SOURCE INFORMATION »
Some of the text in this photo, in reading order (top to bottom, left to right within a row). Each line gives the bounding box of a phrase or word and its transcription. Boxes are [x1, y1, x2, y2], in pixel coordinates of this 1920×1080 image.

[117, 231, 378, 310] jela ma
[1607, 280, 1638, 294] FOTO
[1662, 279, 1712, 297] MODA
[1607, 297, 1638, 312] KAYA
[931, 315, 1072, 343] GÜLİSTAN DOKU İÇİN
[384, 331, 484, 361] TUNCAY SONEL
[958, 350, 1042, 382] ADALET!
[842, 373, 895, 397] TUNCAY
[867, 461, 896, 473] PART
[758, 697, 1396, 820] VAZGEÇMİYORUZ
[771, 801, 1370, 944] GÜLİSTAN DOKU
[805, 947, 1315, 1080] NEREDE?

REQUIREMENT »
Extract all of the data shown above without alteration.

EXERCISE ANSWER »
Some of the text in this photo, in reading order (top to bottom, left to right within a row). Each line gives the bounding box of a phrase or word and its transcription. Boxes are [x1, y1, x2, y2], in pixel coordinates of this 1920×1080 image.

[117, 231, 378, 310] jela ma
[1607, 280, 1638, 294] FOTO
[1662, 279, 1712, 297] MODA
[1607, 297, 1638, 312] KAYA
[931, 315, 1072, 343] GÜLİSTAN DOKU İÇİN
[384, 331, 484, 361] TUNCAY SONEL
[958, 350, 1042, 382] ADALET!
[842, 373, 895, 397] TUNCAY
[867, 461, 896, 473] PART
[758, 697, 1396, 820] VAZGEÇMİYORUZ
[771, 801, 1370, 944] GÜLİSTAN DOKU
[805, 947, 1315, 1080] NEREDE?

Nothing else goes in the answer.